B) Now, in order to be even more precise about the character of this form of reality, let us recall what was said with respect to man as a living being. Such a being is characterized by an independence and control with respect to his sorroundings; this is his mode of implantation in the cosmos. Such independence from the surroundings varies according to the degree of life involved and the form of the living being. In the case of man there is something more than mere independence when he faces the sorroundings of his life. A living being is implanted in reality in a very precise way: namely, as forming part of it. But man is his own, his “own” reality with respect to all reality, whether real or possible, including, if we chose to admit it, divine reality. And in this sense, his reality, insofar as it is his own, has a unique mode of independence: to be set apart from real things qua real. His mode of implantation in reality is not to form part of it, but to be himself as a reality confronting all of reality. It is not to form part of reality but something else: it is an absolute mode of reality: it is an ab-solute mode of reality. In the case of man, his mode of reality, his {52} mode of implantation in it, is to be a relative absolute. It is absolute because he is himself confronting all possible reality; but is relative because this mode of absolute implantation is an acquired character. In his life, and in the most modest of his actions, man not only realizes a series of personal acts, according to the properties he has and the situations in which he finds himself; but in each one of them the human person defines, in a precise and concrete way, the mode according to which his reality is relatively absolute.
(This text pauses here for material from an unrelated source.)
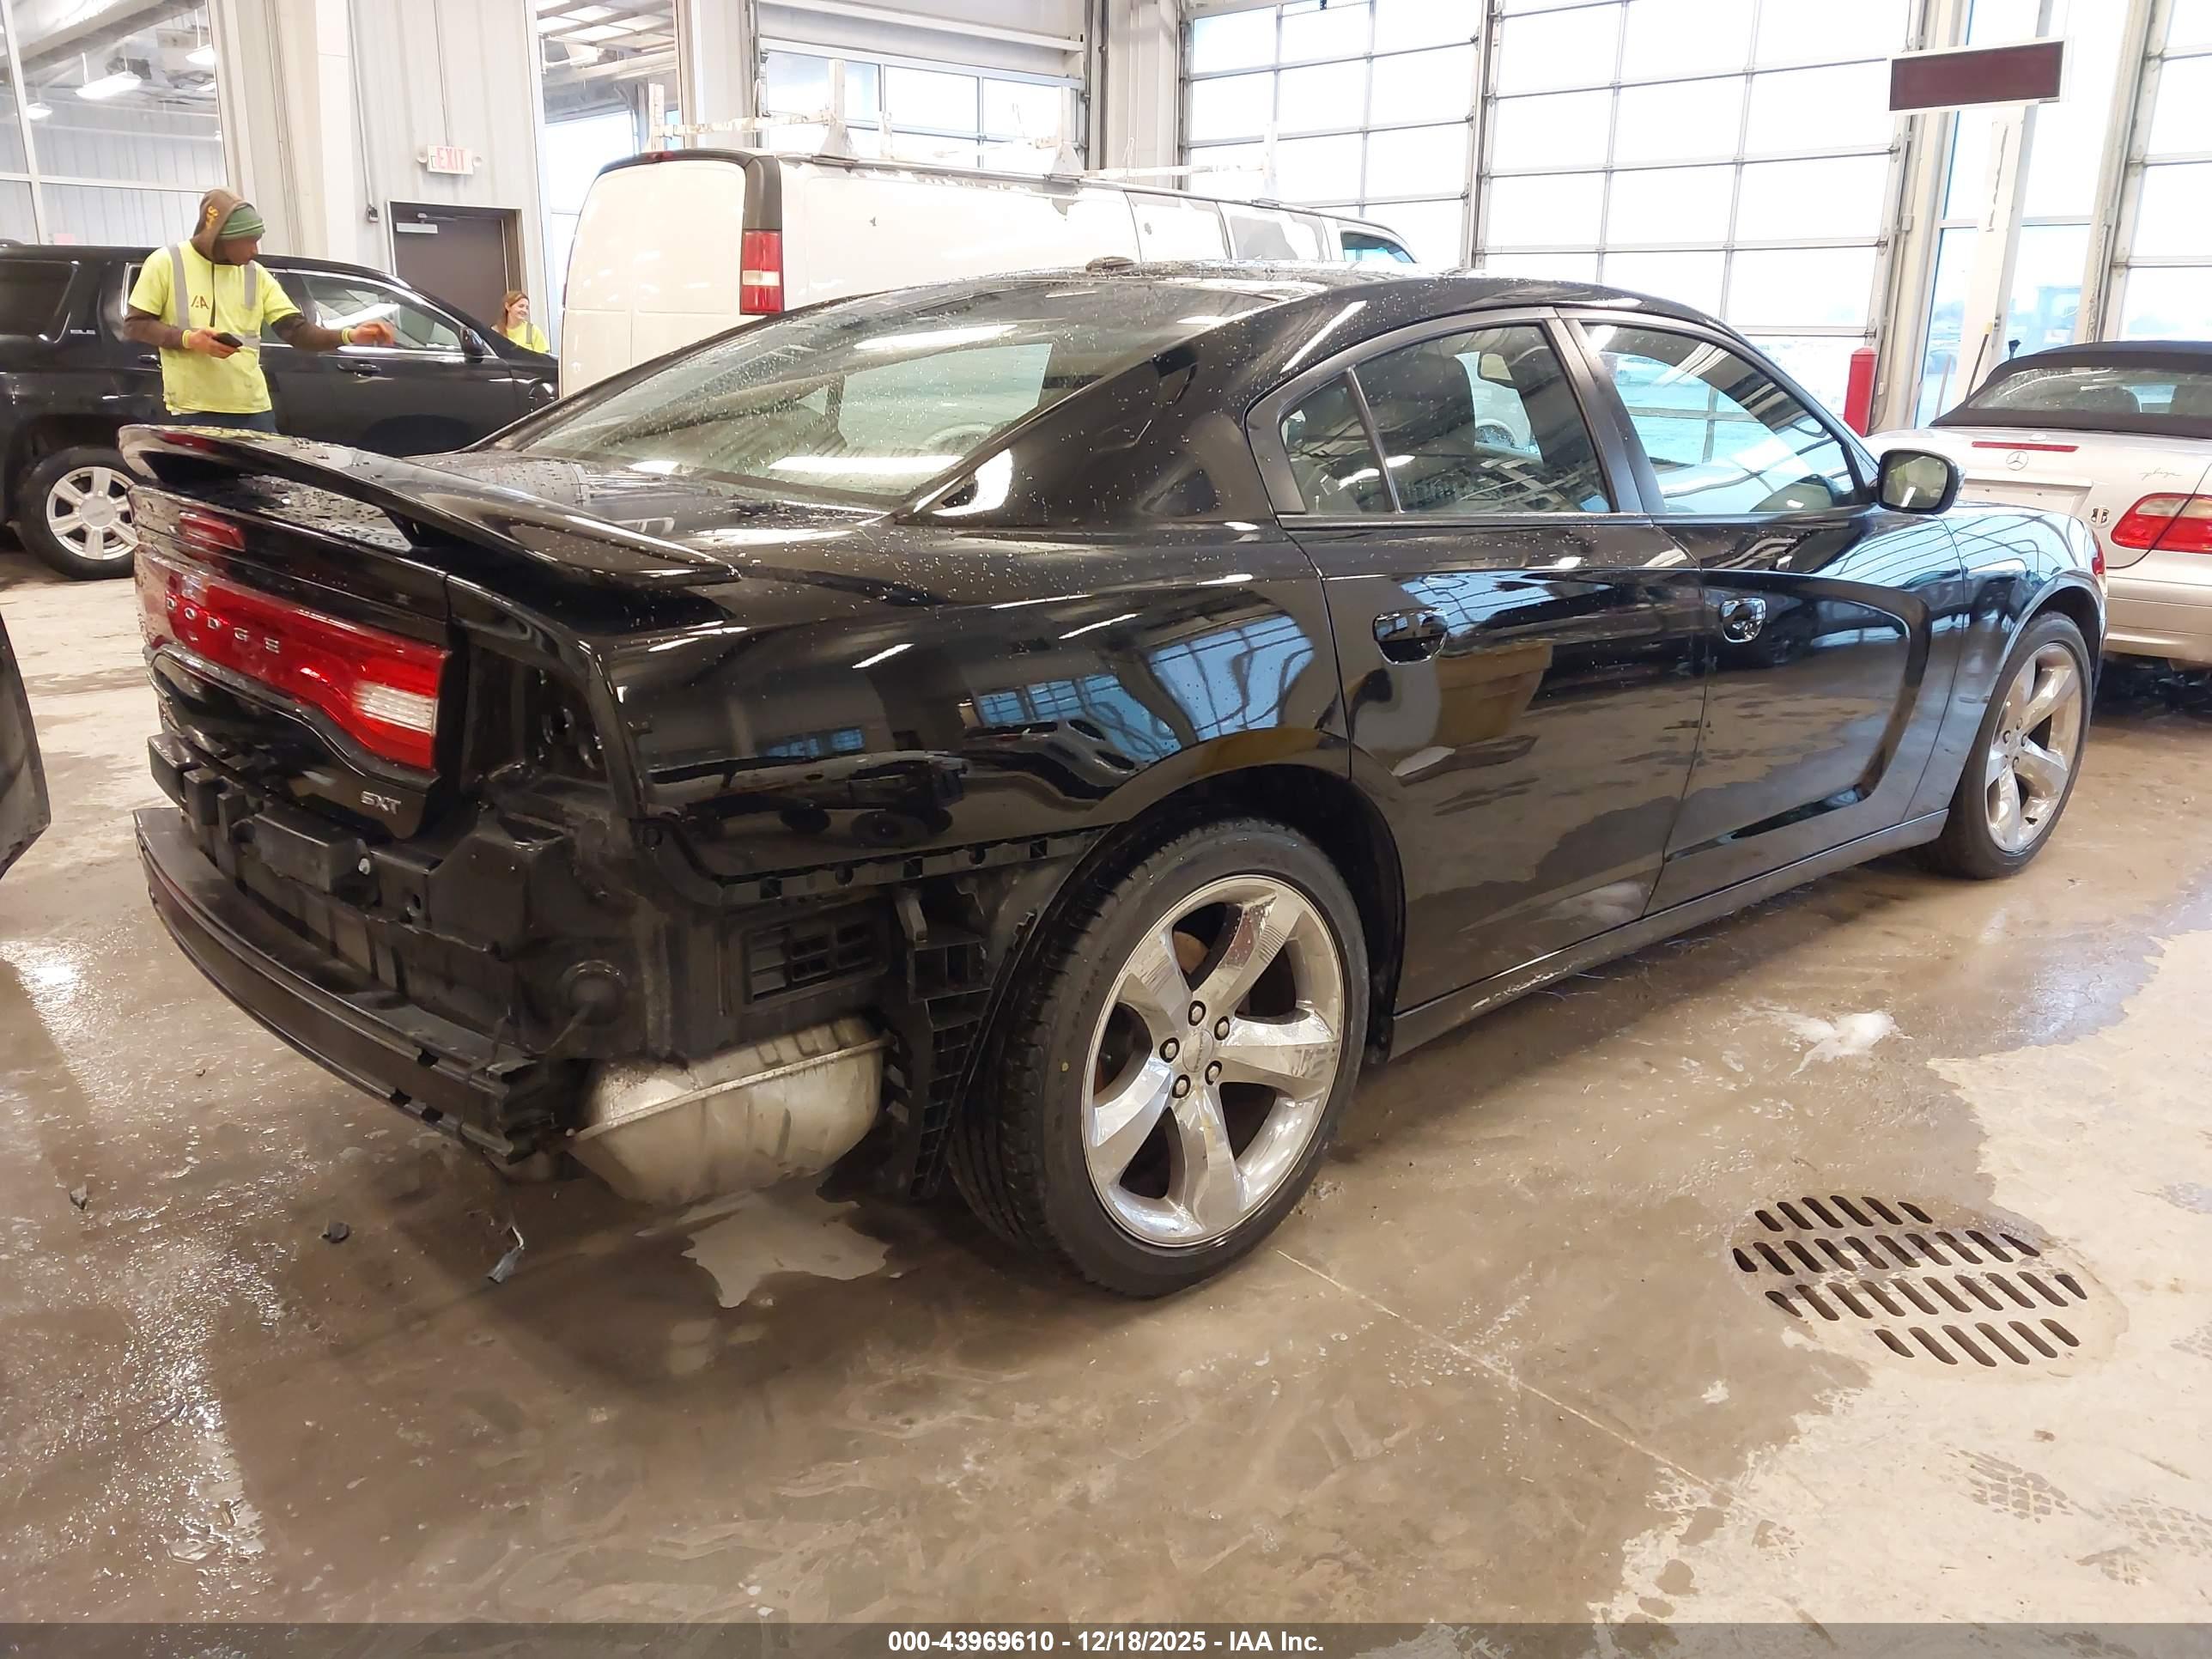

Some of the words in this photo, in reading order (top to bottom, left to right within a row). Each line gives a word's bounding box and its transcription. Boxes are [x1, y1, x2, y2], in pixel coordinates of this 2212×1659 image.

[436, 147, 466, 171] EXIT
[166, 596, 280, 654] DODGE
[361, 790, 402, 815] SXT
Whence comes the seriousness of each act. A real thing apprehended as such imposes upon us that we determine, upon confronting it, a concrete way of being absolutely. This seriousness, as a trait of my person, is what I have usually called the restlessness of life. It is not just the uncertainty proper to life as an adventure; rather, this restlessness consists in not knowing well the concrete mode of being absolute. Man not only realizes a series of acts through the properties he personally has; but he defines in each of his acts that precise and concrete mode, according to which, in each instant of his life, he is a relative absolute. Restlessness is the problematism of the absolute.
In virtue of this, man, as a mode and form of reality, is in the world, i.e., is actually in the world as person and absolute reality. And man, according to this actually being there, has in the world his own being. The question now becomes, In what does this being of relatively absolute reality consist?